What you should do> Return every line of the data exactly as it stands.

[Opening Records provided section]

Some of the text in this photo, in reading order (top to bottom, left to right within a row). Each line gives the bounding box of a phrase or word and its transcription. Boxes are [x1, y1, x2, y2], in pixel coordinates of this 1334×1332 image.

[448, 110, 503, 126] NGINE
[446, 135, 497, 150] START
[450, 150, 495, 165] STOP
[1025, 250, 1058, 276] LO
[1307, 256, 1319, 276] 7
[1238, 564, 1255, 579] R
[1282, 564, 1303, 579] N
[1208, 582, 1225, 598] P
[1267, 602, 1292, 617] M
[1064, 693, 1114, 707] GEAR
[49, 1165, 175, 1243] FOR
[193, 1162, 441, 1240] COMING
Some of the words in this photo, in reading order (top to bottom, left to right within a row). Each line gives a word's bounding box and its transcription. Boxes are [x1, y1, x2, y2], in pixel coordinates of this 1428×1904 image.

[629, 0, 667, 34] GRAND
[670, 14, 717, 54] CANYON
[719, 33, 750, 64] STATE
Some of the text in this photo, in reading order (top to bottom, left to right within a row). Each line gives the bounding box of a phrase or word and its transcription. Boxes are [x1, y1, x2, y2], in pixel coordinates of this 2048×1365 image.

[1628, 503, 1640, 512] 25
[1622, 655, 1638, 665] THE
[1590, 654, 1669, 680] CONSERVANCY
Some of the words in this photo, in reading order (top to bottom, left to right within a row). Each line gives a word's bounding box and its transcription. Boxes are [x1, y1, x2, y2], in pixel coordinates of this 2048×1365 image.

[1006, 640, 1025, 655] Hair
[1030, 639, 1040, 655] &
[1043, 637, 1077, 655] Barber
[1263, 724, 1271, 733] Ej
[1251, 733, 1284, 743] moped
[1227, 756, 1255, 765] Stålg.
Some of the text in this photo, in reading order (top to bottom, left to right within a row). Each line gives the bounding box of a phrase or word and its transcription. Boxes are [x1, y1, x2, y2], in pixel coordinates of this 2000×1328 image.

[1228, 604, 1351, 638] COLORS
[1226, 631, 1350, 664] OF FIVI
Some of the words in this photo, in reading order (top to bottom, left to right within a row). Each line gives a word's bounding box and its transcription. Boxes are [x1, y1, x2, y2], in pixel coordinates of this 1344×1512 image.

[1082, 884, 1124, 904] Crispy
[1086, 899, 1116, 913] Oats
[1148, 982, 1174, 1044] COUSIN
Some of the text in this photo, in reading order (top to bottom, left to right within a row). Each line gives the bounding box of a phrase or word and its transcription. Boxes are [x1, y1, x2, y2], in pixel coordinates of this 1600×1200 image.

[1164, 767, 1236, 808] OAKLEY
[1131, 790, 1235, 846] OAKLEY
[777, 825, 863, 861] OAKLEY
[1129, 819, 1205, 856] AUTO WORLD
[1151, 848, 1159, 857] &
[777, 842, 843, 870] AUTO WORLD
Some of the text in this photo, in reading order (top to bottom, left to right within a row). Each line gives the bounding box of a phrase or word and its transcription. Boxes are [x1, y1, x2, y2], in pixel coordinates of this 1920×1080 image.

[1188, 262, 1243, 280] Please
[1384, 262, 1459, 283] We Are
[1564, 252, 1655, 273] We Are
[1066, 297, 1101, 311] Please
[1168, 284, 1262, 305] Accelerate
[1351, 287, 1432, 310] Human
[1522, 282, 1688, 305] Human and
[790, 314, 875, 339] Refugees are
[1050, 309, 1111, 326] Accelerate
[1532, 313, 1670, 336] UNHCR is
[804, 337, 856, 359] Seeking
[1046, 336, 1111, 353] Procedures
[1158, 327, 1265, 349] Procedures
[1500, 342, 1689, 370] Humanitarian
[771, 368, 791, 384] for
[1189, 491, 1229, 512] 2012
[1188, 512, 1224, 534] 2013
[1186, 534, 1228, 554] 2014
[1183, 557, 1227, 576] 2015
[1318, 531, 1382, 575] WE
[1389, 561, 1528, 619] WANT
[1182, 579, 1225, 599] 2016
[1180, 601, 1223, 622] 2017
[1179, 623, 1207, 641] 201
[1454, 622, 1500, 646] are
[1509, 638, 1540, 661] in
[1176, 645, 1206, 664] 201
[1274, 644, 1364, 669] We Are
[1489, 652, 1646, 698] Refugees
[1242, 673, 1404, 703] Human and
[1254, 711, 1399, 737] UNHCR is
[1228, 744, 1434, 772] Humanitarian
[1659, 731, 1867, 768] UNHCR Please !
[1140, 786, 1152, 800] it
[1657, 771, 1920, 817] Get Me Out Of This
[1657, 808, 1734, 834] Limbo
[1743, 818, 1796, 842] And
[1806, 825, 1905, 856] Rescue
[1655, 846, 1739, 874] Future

[Closing Records provided section]

Answer section>
Some of the text in this photo, in reading order (top to bottom, left to right within a row). Each line gives the bounding box of a phrase or word and its transcription. Boxes are [x1, y1, x2, y2], in pixel coordinates of this 1334×1332 image.

[448, 110, 503, 126] NGINE
[446, 135, 497, 150] START
[450, 150, 495, 165] STOP
[1025, 250, 1058, 276] LO
[1307, 256, 1319, 276] 7
[1238, 564, 1255, 579] R
[1282, 564, 1303, 579] N
[1208, 582, 1225, 598] P
[1267, 602, 1292, 617] M
[1064, 693, 1114, 707] GEAR
[49, 1165, 175, 1243] FOR
[193, 1162, 441, 1240] COMING
Some of the words in this photo, in reading order (top to bottom, left to right within a row). Each line gives a word's bounding box and its transcription. Boxes are [x1, y1, x2, y2], in pixel coordinates of this 1428×1904 image.

[629, 0, 667, 34] GRAND
[670, 14, 717, 54] CANYON
[719, 33, 750, 64] STATE
Some of the text in this photo, in reading order (top to bottom, left to right within a row). Each line gives the bounding box of a phrase or word and its transcription. Boxes are [x1, y1, x2, y2], in pixel coordinates of this 2048×1365 image.

[1628, 503, 1640, 512] 25
[1622, 655, 1638, 665] THE
[1590, 654, 1669, 680] CONSERVANCY
Some of the words in this photo, in reading order (top to bottom, left to right within a row). Each line gives a word's bounding box and its transcription. Boxes are [x1, y1, x2, y2], in pixel coordinates of this 2048×1365 image.

[1006, 640, 1025, 655] Hair
[1030, 639, 1040, 655] &
[1043, 637, 1077, 655] Barber
[1263, 724, 1271, 733] Ej
[1251, 733, 1284, 743] moped
[1227, 756, 1255, 765] Stålg.
Some of the text in this photo, in reading order (top to bottom, left to right within a row). Each line gives the bounding box of a phrase or word and its transcription. Boxes are [x1, y1, x2, y2], in pixel coordinates of this 2000×1328 image.

[1228, 604, 1351, 638] COLORS
[1226, 631, 1350, 664] OF FIVI
Some of the words in this photo, in reading order (top to bottom, left to right within a row). Each line gives a word's bounding box and its transcription. Boxes are [x1, y1, x2, y2], in pixel coordinates of this 1344×1512 image.

[1082, 884, 1124, 904] Crispy
[1086, 899, 1116, 913] Oats
[1148, 982, 1174, 1044] COUSIN
Some of the text in this photo, in reading order (top to bottom, left to right within a row). Each line gives the bounding box of a phrase or word and its transcription. Boxes are [x1, y1, x2, y2], in pixel coordinates of this 1600×1200 image.

[1164, 767, 1236, 808] OAKLEY
[1131, 790, 1235, 846] OAKLEY
[777, 825, 863, 861] OAKLEY
[1129, 819, 1205, 856] AUTO WORLD
[1151, 848, 1159, 857] &
[777, 842, 843, 870] AUTO WORLD
Some of the text in this photo, in reading order (top to bottom, left to right within a row). Each line gives the bounding box of a phrase or word and its transcription. Boxes are [x1, y1, x2, y2], in pixel coordinates of this 1920×1080 image.

[1188, 262, 1243, 280] Please
[1384, 262, 1459, 283] We Are
[1564, 252, 1655, 273] We Are
[1066, 297, 1101, 311] Please
[1168, 284, 1262, 305] Accelerate
[1351, 287, 1432, 310] Human
[1522, 282, 1688, 305] Human and
[790, 314, 875, 339] Refugees are
[1050, 309, 1111, 326] Accelerate
[1532, 313, 1670, 336] UNHCR is
[804, 337, 856, 359] Seeking
[1046, 336, 1111, 353] Procedures
[1158, 327, 1265, 349] Procedures
[1500, 342, 1689, 370] Humanitarian
[771, 368, 791, 384] for
[1189, 491, 1229, 512] 2012
[1188, 512, 1224, 534] 2013
[1186, 534, 1228, 554] 2014
[1183, 557, 1227, 576] 2015
[1318, 531, 1382, 575] WE
[1389, 561, 1528, 619] WANT
[1182, 579, 1225, 599] 2016
[1180, 601, 1223, 622] 2017
[1179, 623, 1207, 641] 201
[1454, 622, 1500, 646] are
[1509, 638, 1540, 661] in
[1176, 645, 1206, 664] 201
[1274, 644, 1364, 669] We Are
[1489, 652, 1646, 698] Refugees
[1242, 673, 1404, 703] Human and
[1254, 711, 1399, 737] UNHCR is
[1228, 744, 1434, 772] Humanitarian
[1659, 731, 1867, 768] UNHCR Please !
[1140, 786, 1152, 800] it
[1657, 771, 1920, 817] Get Me Out Of This
[1657, 808, 1734, 834] Limbo
[1743, 818, 1796, 842] And
[1806, 825, 1905, 856] Rescue
[1655, 846, 1739, 874] Future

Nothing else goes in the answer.